Sophisticated models have been developed to determine the level populations of all rotational, vibrational, and electronic states involved in connection to the Swan band excitation in comets. However, the few levels observed in the Red Rectangle, the low resolution and relatively poor quality of the observed transitions does not warrant such an extensive model. Rather, we have developed a straight forward model which does retain, though, the essential aspects of the energy level diagram and the various pumps involved (Figs. 7 and 8). With respect to the stellar radiation field we include four electronic energy levels which are relevant for the pump scheme in the Red Rectangle (Fig. 8) - the singlet states, $X^1 \Sigma_g^+$ and $A^1 \Pi_u$, and the triplet states, $a^3\Pi _u$ and $d^3\Pi _g$ - and in order to mimic the intercombination and fluorescence transitions, we introduce three fiducial vibrational levels representing excited states, the ${X^{1} \Sigma_g^+(v^*)}$, $a^3 \Pi_u (v^*)$and $d^3 \Pi_g (v^*)$. Rotational levels are not taken into account.
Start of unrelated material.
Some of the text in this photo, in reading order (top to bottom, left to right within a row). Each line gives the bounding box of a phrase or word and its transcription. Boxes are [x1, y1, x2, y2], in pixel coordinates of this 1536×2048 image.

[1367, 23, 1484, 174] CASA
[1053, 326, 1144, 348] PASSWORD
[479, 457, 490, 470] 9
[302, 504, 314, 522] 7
Einstein A coefficients for spontaneous emission have been obtained for a series of transitions using the calculated oscillator strengths by Kokkin et al. (2007). The results for the Phillips and the Swan bands agree well with the coefficients calculated by van Dishoeck (1983) and Gredel et al. (1989). From these we have determined representative transition rates (Ki) for the relevant ground and fiducial vibrational states (Table 2). The rates for the intercombination transitions between the singlet and triplet states were calculated using the transition dipole moments given by Gredel et al. (1989).
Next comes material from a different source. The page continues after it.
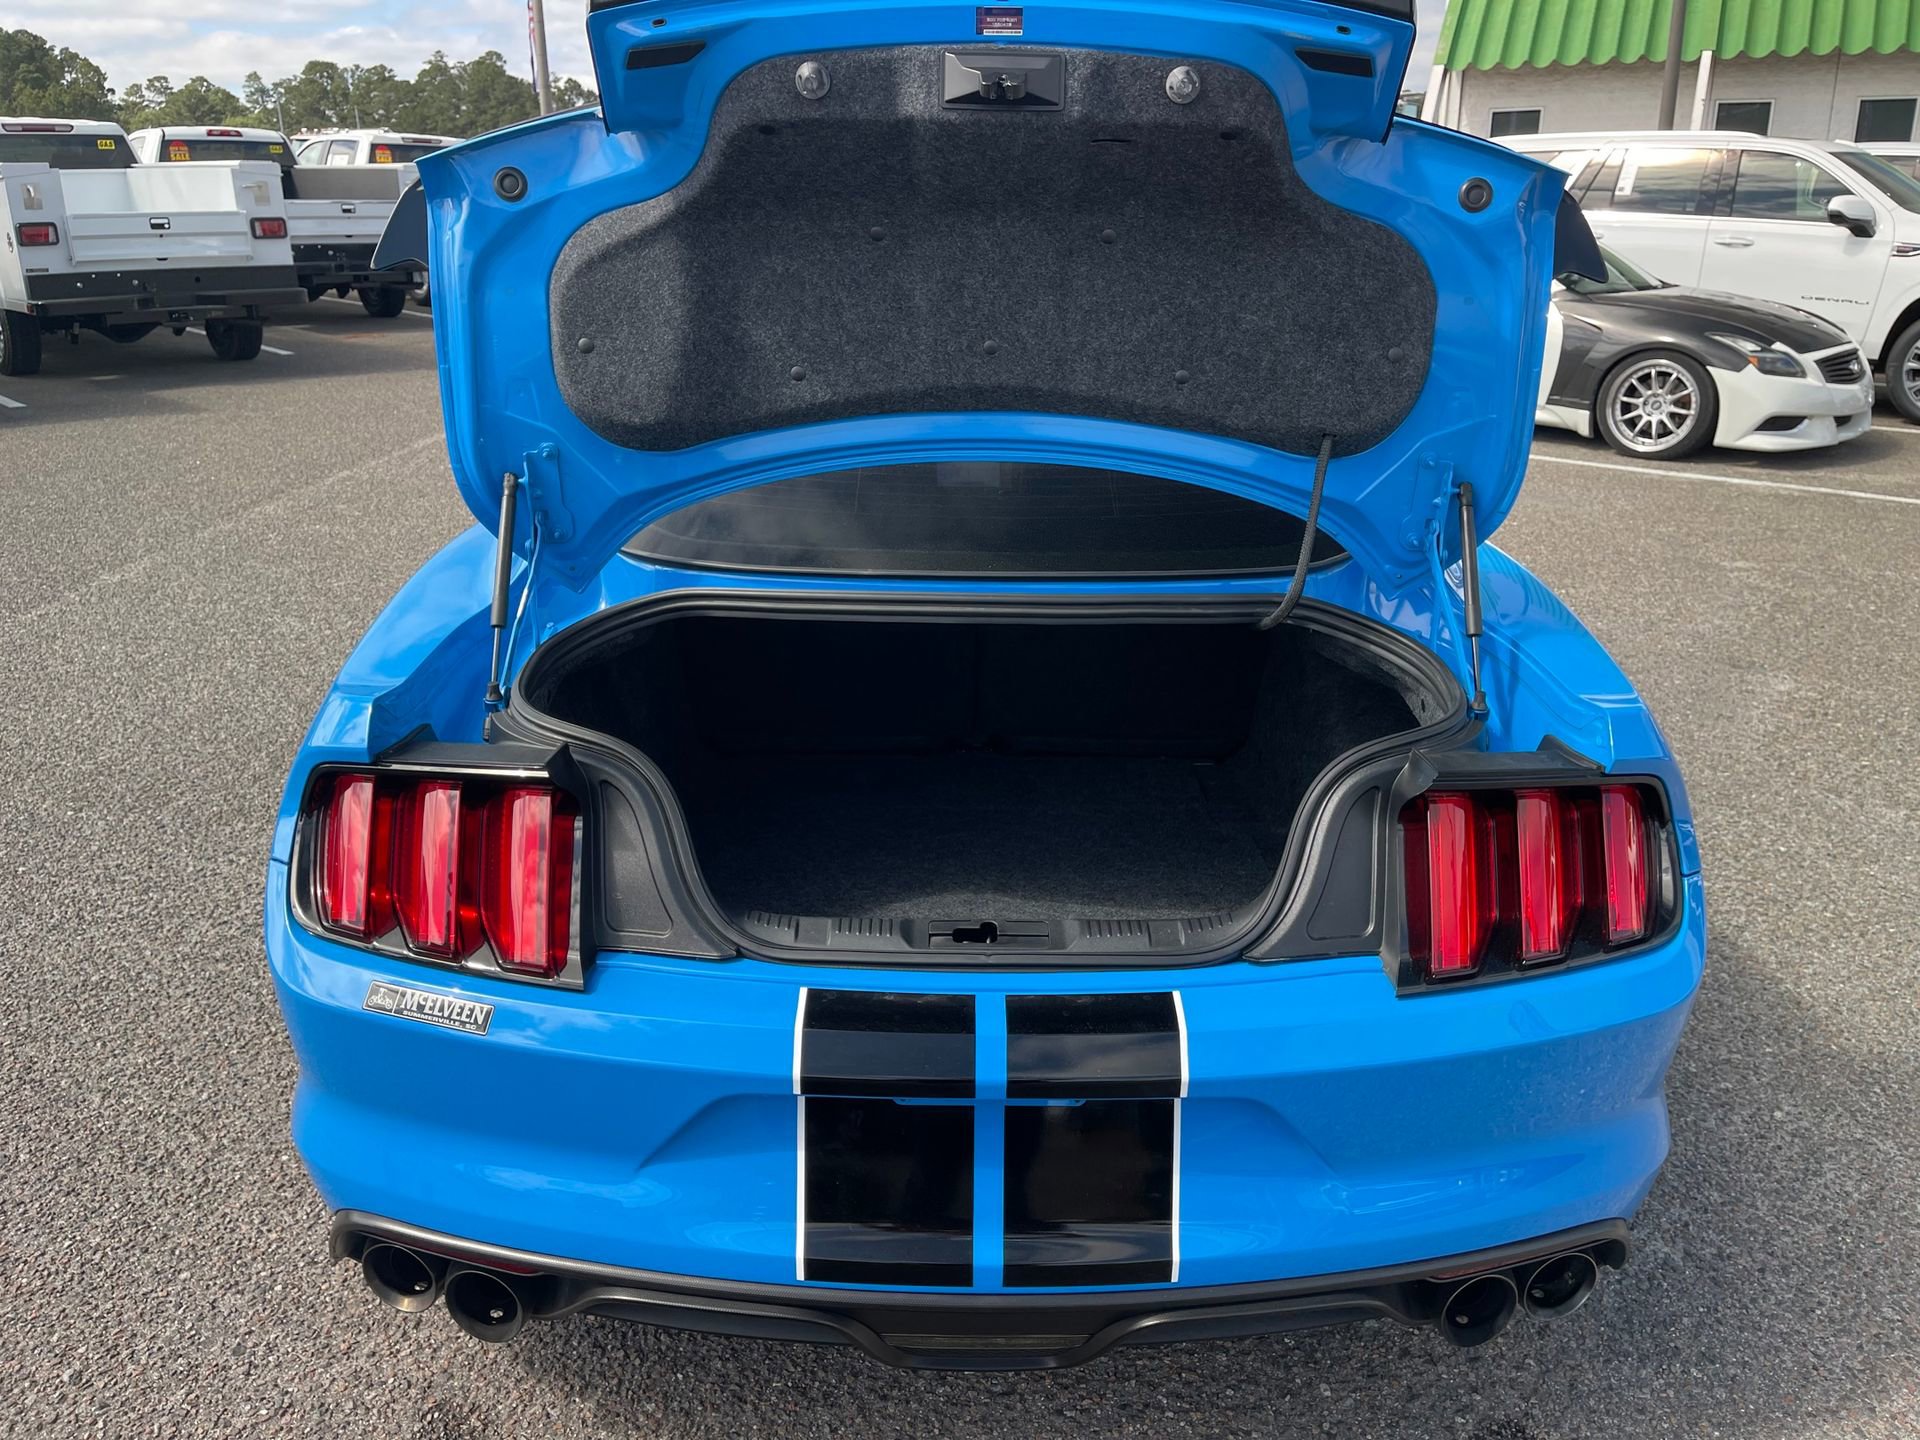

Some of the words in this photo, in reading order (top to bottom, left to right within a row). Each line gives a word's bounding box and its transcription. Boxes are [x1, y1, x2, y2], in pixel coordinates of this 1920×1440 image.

[1800, 295, 1870, 305] DENALI
[402, 1010, 464, 1028] SUMMERVILLE,
[465, 1023, 477, 1031] SC
The results (Table 2) agree reasonably well with the outcome of the more detailed study by Le Bourlot & Roueff (1986) who provide intercombination transition rates split out to individual ro-vibrational levels. Einstein B coefficients for these transitions are calculated from the usual formulae linking the Einstein coefficients. Radiative excitation rates follow then by convolving these with the stellar spectrum for distances at 6'' (Table 2). We adopted a Kurucz $T_{\rm eff}=7750$ K, $\log g = 1.5$ model for the visual spectrum normalized to a luminosity of 6050 $L_{\odot}$ (Men'shchikov et al. 2002). In our evaluation of the radiative pumping rates, we ignore extinction within the nebula and hence these rates scale simply inversely with the distance to the star squared. We have checked that stimulated emission can be ignored at these wavelengths. Special care was taken to ensure that transitions involving the fiducial vibrational levels have representative rates, where we realize that given the Einstein coefficients involved and the (likely) low optical depth in the pumping transitions, only the lowest vibrational levels have to be taken into account.

\begin{figure}
\par\includegraphics[width=9cm]{14475fg9.eps}
\end{figure} Figure 9:

Level populations in our fiducial C2 molecule as a function of distance from the exciting star.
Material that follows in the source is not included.